* _Assignment_:
Set down the data below in full, exactly as it reads, but without the pictures.
(Beginning of Given records)
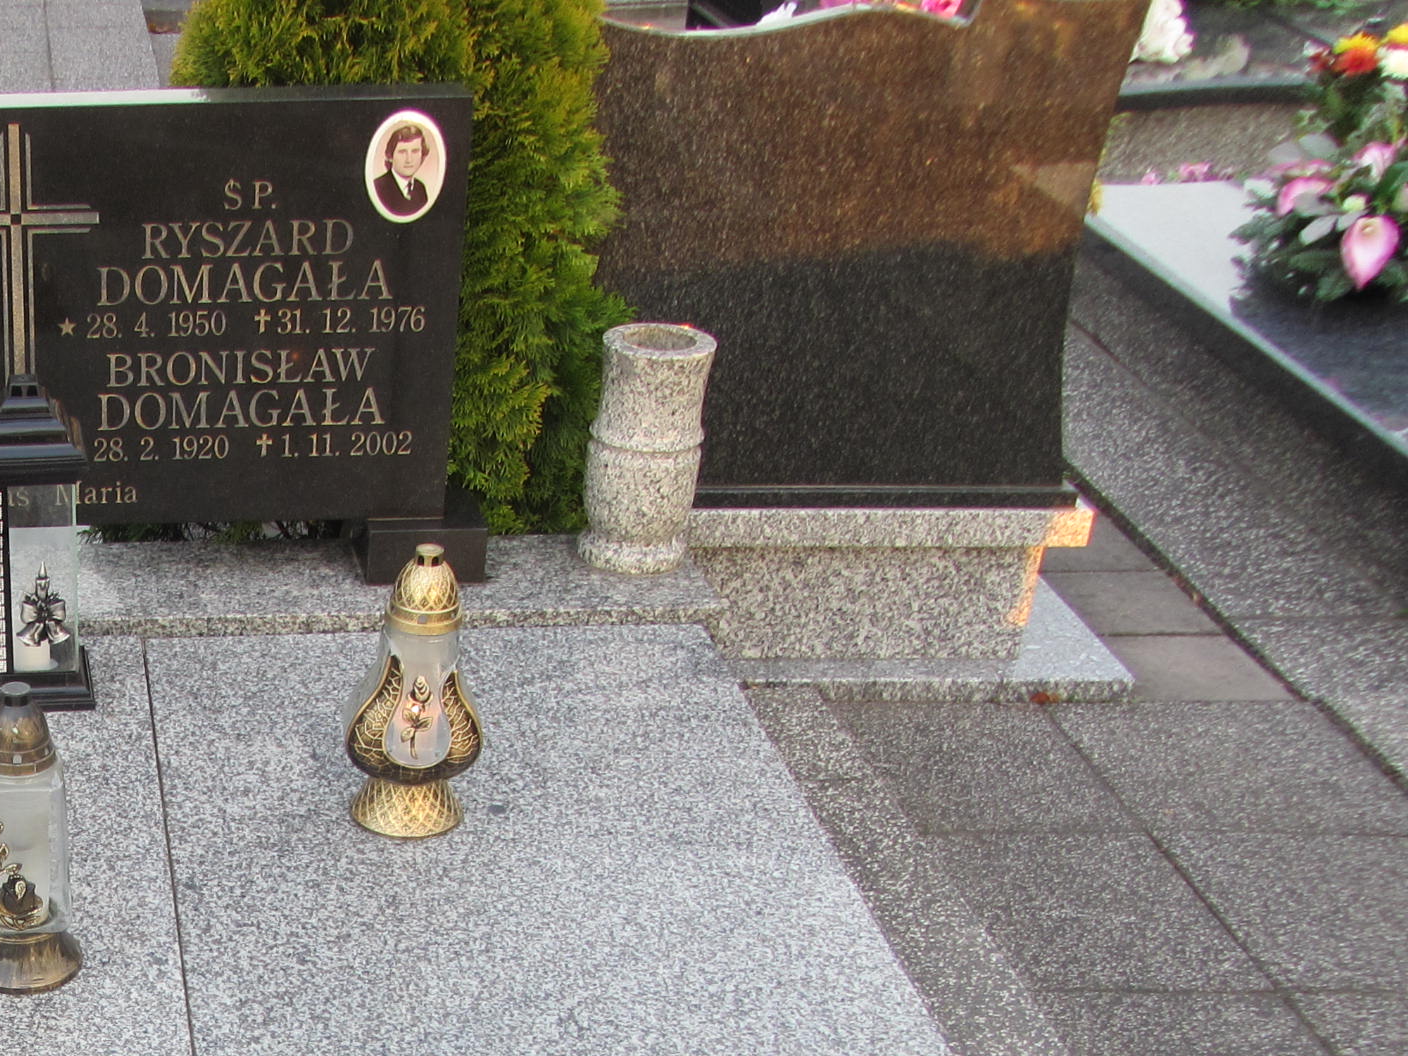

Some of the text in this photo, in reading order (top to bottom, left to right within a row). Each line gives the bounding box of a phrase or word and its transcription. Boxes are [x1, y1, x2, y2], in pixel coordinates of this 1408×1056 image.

[142, 218, 354, 259] RYSZARD
[96, 259, 393, 306] DOMAGAŁA
[87, 313, 123, 339] 28.
[134, 312, 155, 337] 4.
[168, 309, 227, 337] 1950
[322, 307, 356, 333] 12.
[369, 306, 426, 333] 1976
[105, 347, 376, 388] BRONISŁAW
[96, 387, 386, 431] DOMAGAŁA
[94, 438, 128, 462] 28.
[140, 437, 159, 461] 2.
[172, 435, 230, 460] 1920
[308, 432, 340, 457] 11.
[350, 431, 413, 456] 2002
[55, 480, 138, 506] Maria
(End of Given records)
* _Solution to the exercise_:
Some of the text in this photo, in reading order (top to bottom, left to right within a row). Each line gives the bounding box of a phrase or word and its transcription. Boxes are [x1, y1, x2, y2], in pixel coordinates of this 1408×1056 image.

[142, 218, 354, 259] RYSZARD
[96, 259, 393, 306] DOMAGAŁA
[87, 313, 123, 339] 28.
[134, 312, 155, 337] 4.
[168, 309, 227, 337] 1950
[322, 307, 356, 333] 12.
[369, 306, 426, 333] 1976
[105, 347, 376, 388] BRONISŁAW
[96, 387, 386, 431] DOMAGAŁA
[94, 438, 128, 462] 28.
[140, 437, 159, 461] 2.
[172, 435, 230, 460] 1920
[308, 432, 340, 457] 11.
[350, 431, 413, 456] 2002
[55, 480, 138, 506] Maria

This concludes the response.